Response to December's Essay

December 1, 2014

How Not to Help the Ultra-Orthodox

By Peter Berkowitz

Liberal democracies like Israel need and depend on pious people. But they don’t need to— and shouldn’t—subsidize grown men for not working.

In the short space of 66 years, Israel has established a kind of polity never before seen in the Middle East, a polity that promises all citizens individual freedom and equality before the law. To an astonishing degree, particularly given the exceedingly dangerous neighborhood in which it dwells, the Jewish state has succeeded.

Not that the dangers, either from without or from within, should ever be discounted. Those from without (Iran, terrorism, the collapse of the Arab state system, stalemate with the Palestinian Authority, and so on) are well known; less so, those from within. Although the Israeli economy has made great strides in shaking off the remnants of its socialist roots, large sectors continue to underperform as government’s heavy hand impedes innovation and stifles competition. In addition, a restive Arab minority, approximately 20 percent of the citizenry, though generally aware that it enjoys the same freedoms enjoyed by Jewish Israelis—freedoms of which Arabs elsewhere in the Middle East can only dream—is increasingly impatient with the underfunding of its communities and its outsider status.
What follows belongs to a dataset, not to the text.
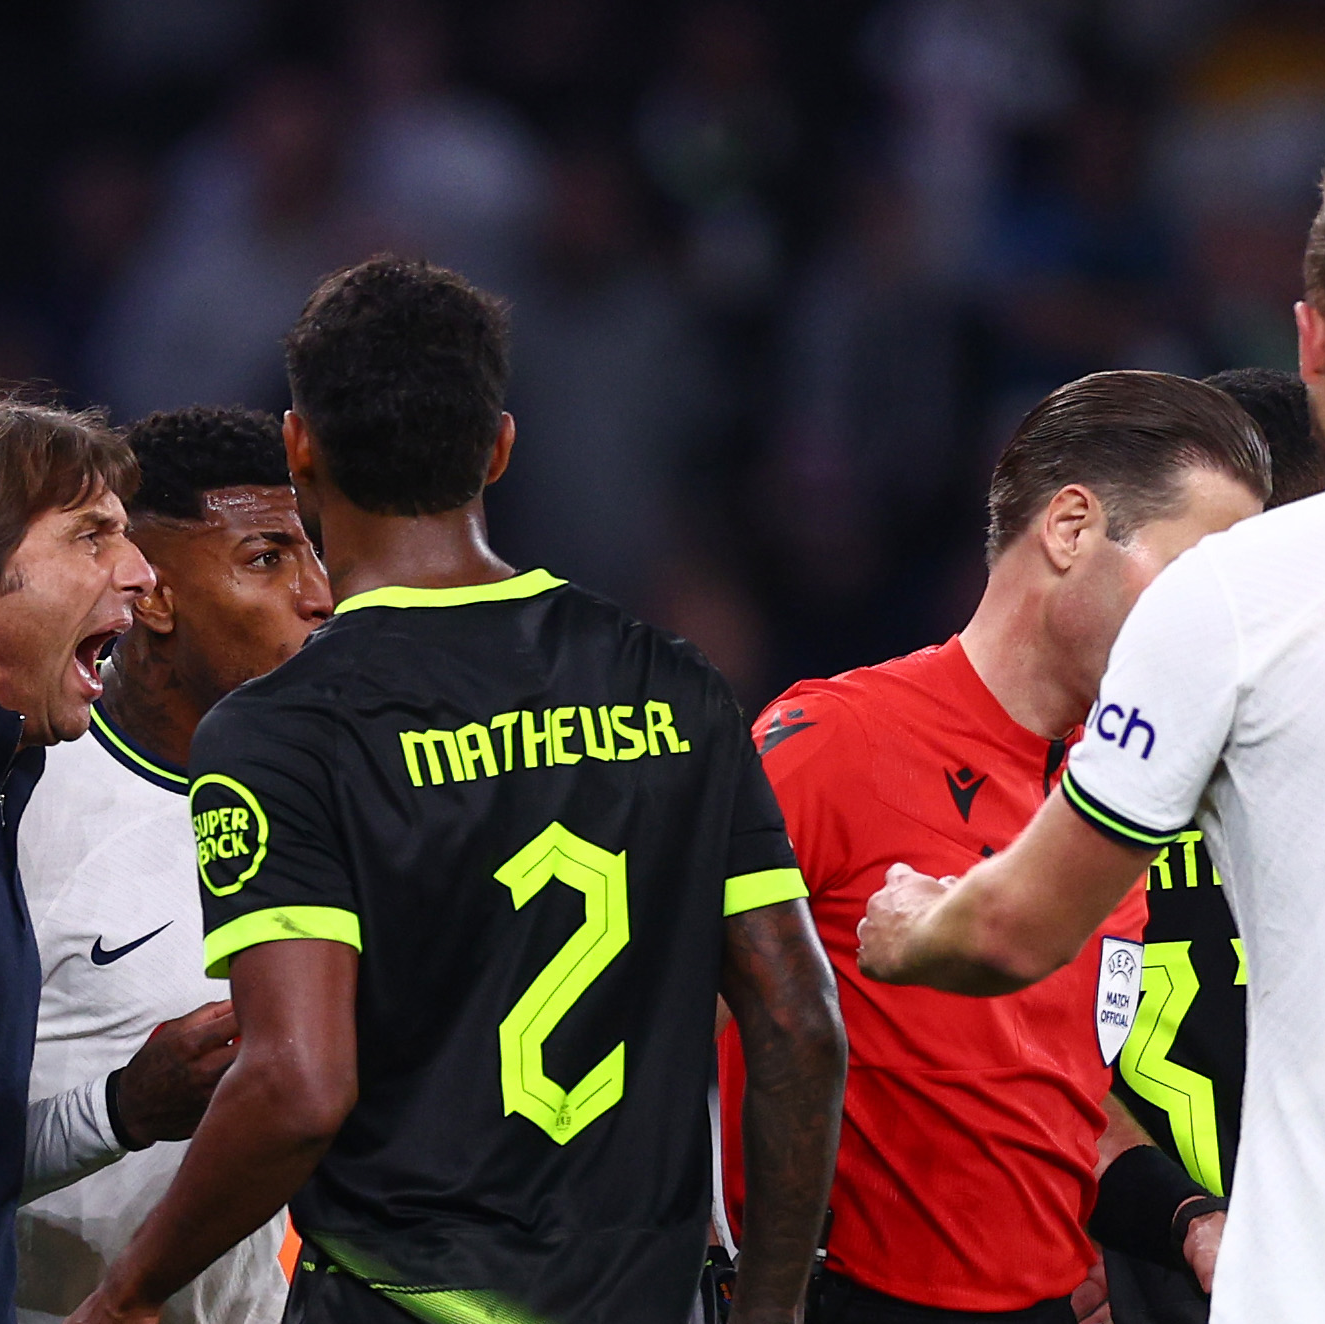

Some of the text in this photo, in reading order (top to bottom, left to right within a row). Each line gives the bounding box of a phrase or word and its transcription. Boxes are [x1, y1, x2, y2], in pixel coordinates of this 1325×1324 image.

As if all that weren’t more than enough for any small, young liberal democracy to contend with, Aharon Ariel Lavi has clarified the critical internal challenge presented by Israel’s haredi or ultra-Orthodox community. As he writes in his provocatively titled essay, “Are the Ultra-Orthodox the Key to Israel’s Future?,” the haredim account for approximately 10-15 percent of Israel’s Jewish population and their political parties hold about 15 percent of the seats in the Knesset. Yet they are generally exempt from military service and, thanks to major state funding of their religious academies, many adult ultra-Orthodox men opt out of the labor force in favor of lifelong Torah study.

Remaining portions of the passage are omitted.